Der Autor möchte aber Gemeinsamkeiten und Verbindendes stärken und Antworten auf die drängenden Fragen finden. Für Tauber hilft dabei ein Blick in die Geschichte Preußens. „Vieles, was uns heute prägt, haben wir den Preußen zu verdanken“, betont Tauber. Nach einer – etwas zu langen – theoretischen und geistesgeschichtlichen Hinführung schreibt Tauber in dem „praktischen“ Teil, dass Familie und Religion eine wichtige Rolle für den gesellschaftlichen Zusammenhalt spielen.

In der aktuellen Situation brauche es vor allem Menschen, „die den Staat zu ihrer Sache machen und nicht nur Erwartungen und Ansprüche formulieren“. Sie müssten ihren Staat tragen und dieser müsse im Gegenzug die geeigneten Rahmenbedingungen schaffen.
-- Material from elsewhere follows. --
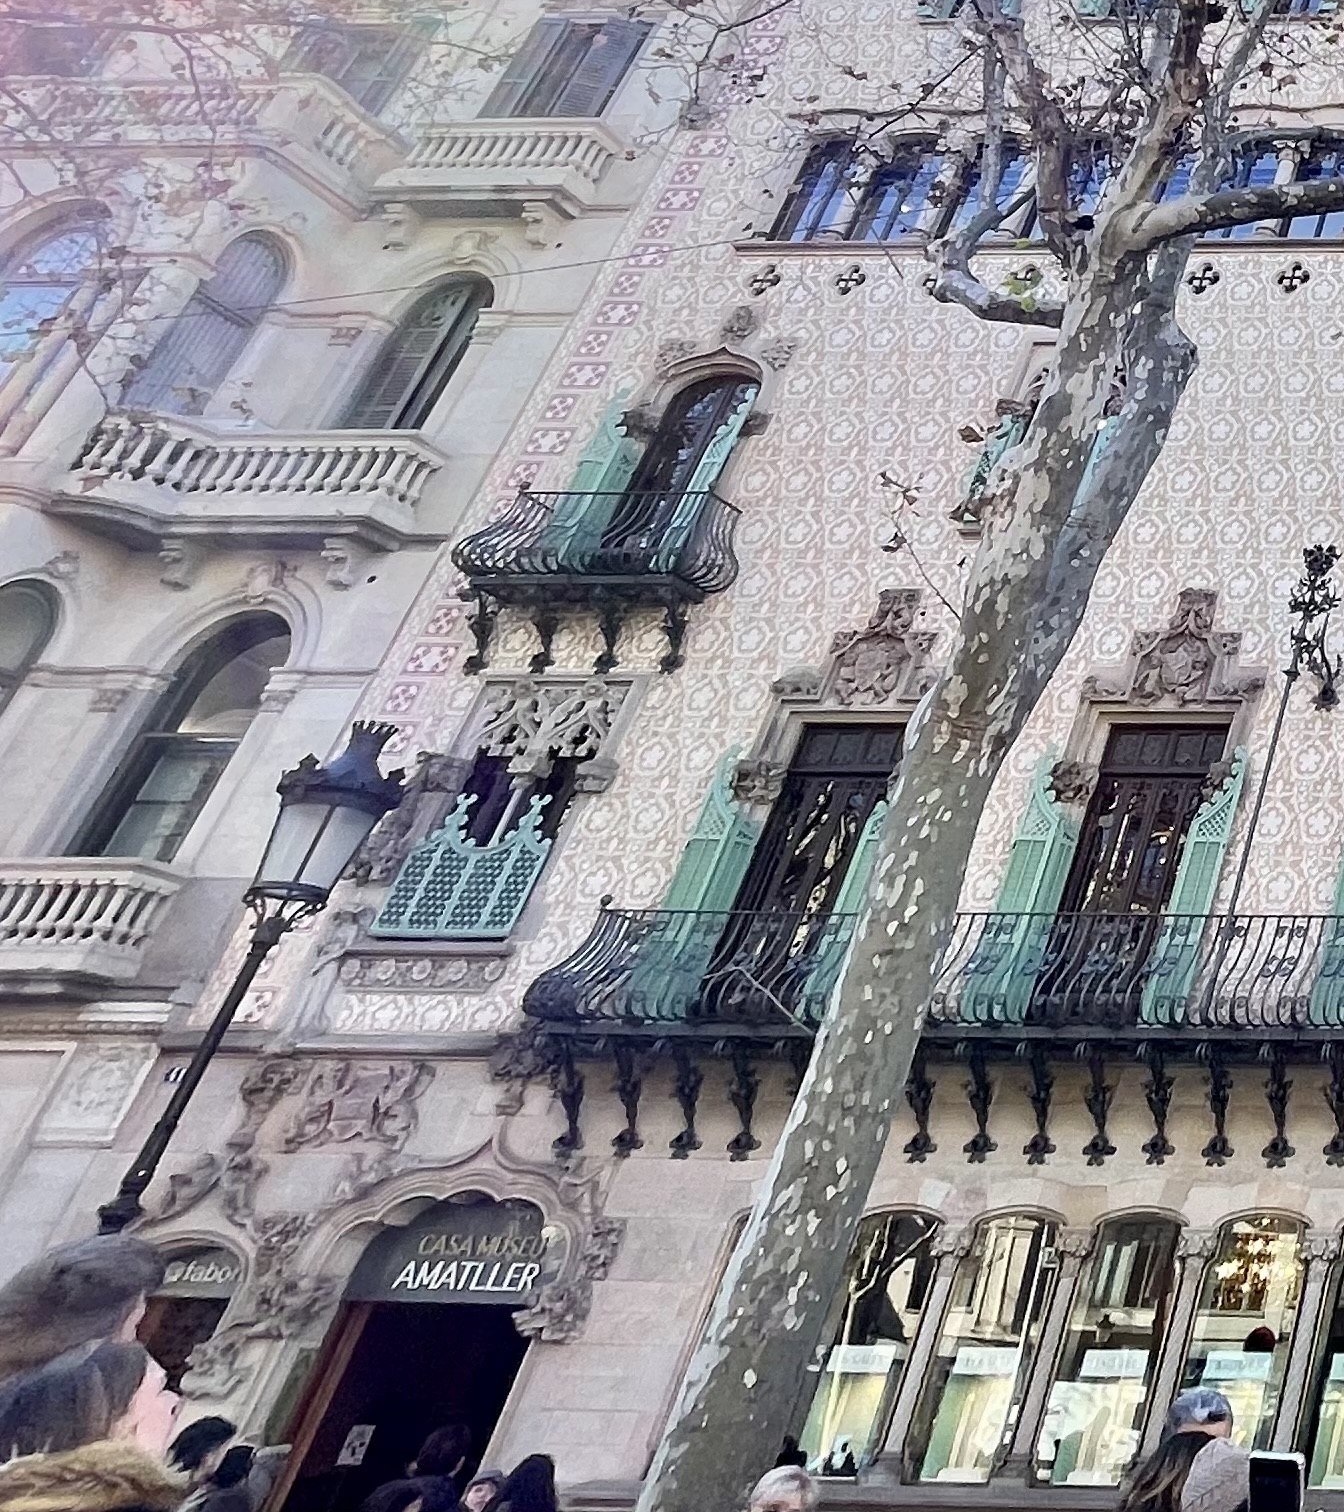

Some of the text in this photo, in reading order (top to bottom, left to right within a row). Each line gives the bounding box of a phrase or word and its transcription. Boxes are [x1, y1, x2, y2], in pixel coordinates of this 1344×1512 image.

Ohne dieses Gedankengerüst sei kein Staat zu machen. Auch wenn dies dem Streben nach individuellem Glück widerspreche.

Hoher Wert der Familie

Das Land profitiere enorm von seinen 16 Millionen Ehrenamtlichen. Diese wollten Verantwortung übernehmen und gestalten. Ein wichtiger Ort um das gesellschaftliche Miteinander im Kleinen einzuüben, sei aber auch die Familie. Deswegen dürfe der Staat nie als Ersatz an die Stelle der Eltern treten. Auch die Schule ist für Tauber ein entscheidender Ort, um aus jungen Menschen verantwortungsvolle Staatsbürger zu machen.
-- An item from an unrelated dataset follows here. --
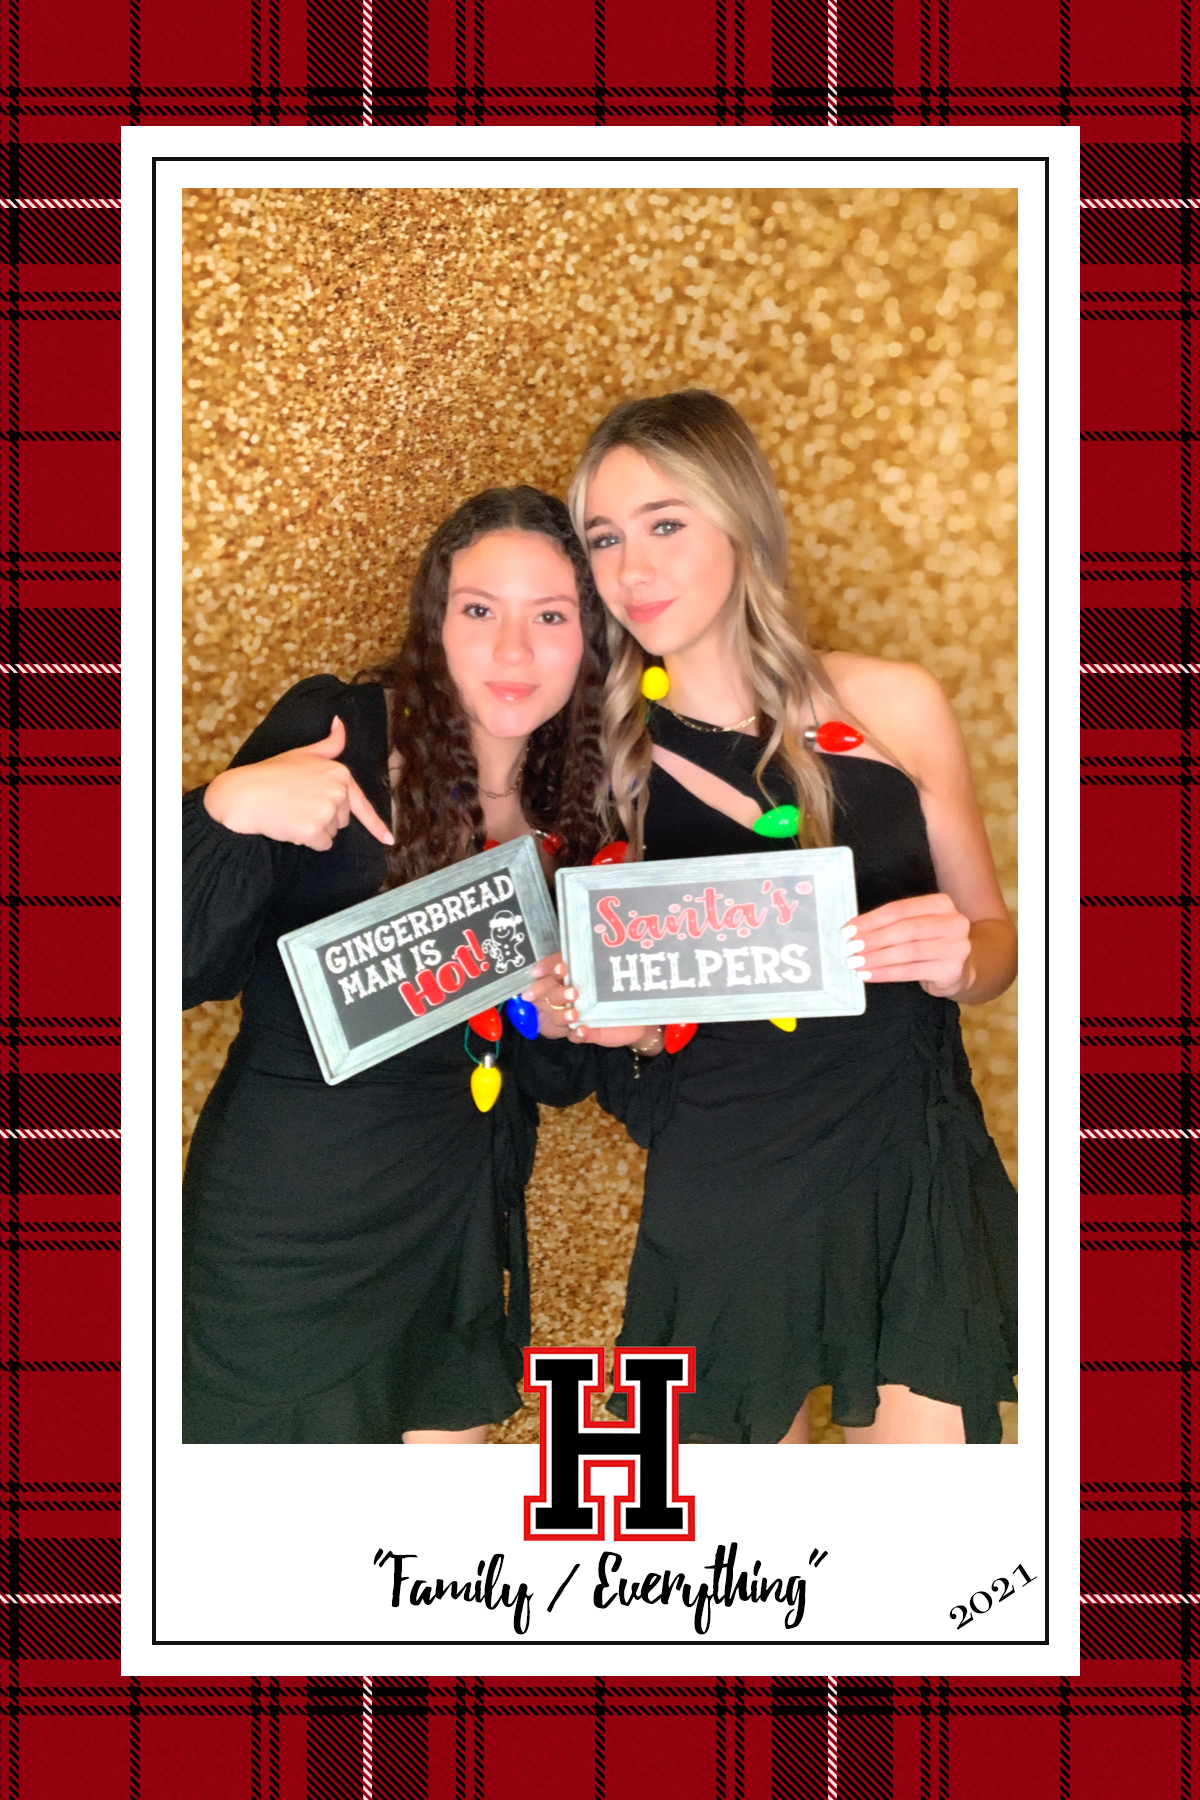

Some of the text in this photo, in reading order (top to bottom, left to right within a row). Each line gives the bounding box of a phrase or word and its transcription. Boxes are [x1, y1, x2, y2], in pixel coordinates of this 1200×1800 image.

Tauber beobachtet, dass die Eliten des Landes gar nicht mehr die Sorgen und Nöte der Menschen kennen würden. Eine Elite sei aber immer auch eine Verantwortungselite. Die Gesellschaft funktioniere dann gut, wenn jeder sein Bestes gebe und dem Anderen Anerkennung zolle. Zugleich ist dem selbst eher konservativen Tauber ein „zeitgemäßen Konservatismus“ wichtig, der den Wandel akzeptiere, ihn aber auch gestalte: „Tradition heißt, an der Spitze des Fortschritts zu marschieren.“

Auch die Religion sei für Viele ein wichtiger Teil ihrer Identität, schreibt der bekennende Christ. Preußen habe früh begriffen, dass religiöse Menschen einen wichtigen Beitrag für den Staat leisteten. Wer ihnen Freiräume gab, durfte mit ihrer Loyalität rechnen. Deswegen wünscht sich Tauber Christen, die Jesu Auftrag ernst nehmen und die staatliche Ordnung mittragen und gestalten. Religion und eine aufgeklärte Gesellschaft bedingten sich gegenseitig. Zugleich sei es aber wichtig, dass jeder sich kritisch mit seiner Religion auseinandersetze: egal, ob bei Fragen zum Schutz des ungeborenen Lebens oder der Sterbehilfe. „Die Position der Kirchen ist längst nicht mehr zwingend mehrheitsfähig im Meinungsstreit. Gleichwohl sollen und müssen Christen ihre Position in den öffentlichen Diskurs einbringen.“

„Muslime sollen aktive Staatsbürger sein“

Für Tauber gehört der Islam natürlich zu Deutschland. Es müsse Schluss sein mit der Unterscheidung zwischen „den Muslimen und den Deutschen, wenn sie Landsleute sind“. Tauber erwartet daher, dass der Staat auf Muslime zugeht. Aber ihm ist es auch wichtig, dass Muslime aktive Staatsbürger sind und sich kritischen Fragen und Diskussionen stellen: „Auf uns, unser Tun wird es ankommen, wollen wir die Probleme lösen“, nimmt Tauber alle religiösen Gruppen in die Pflicht.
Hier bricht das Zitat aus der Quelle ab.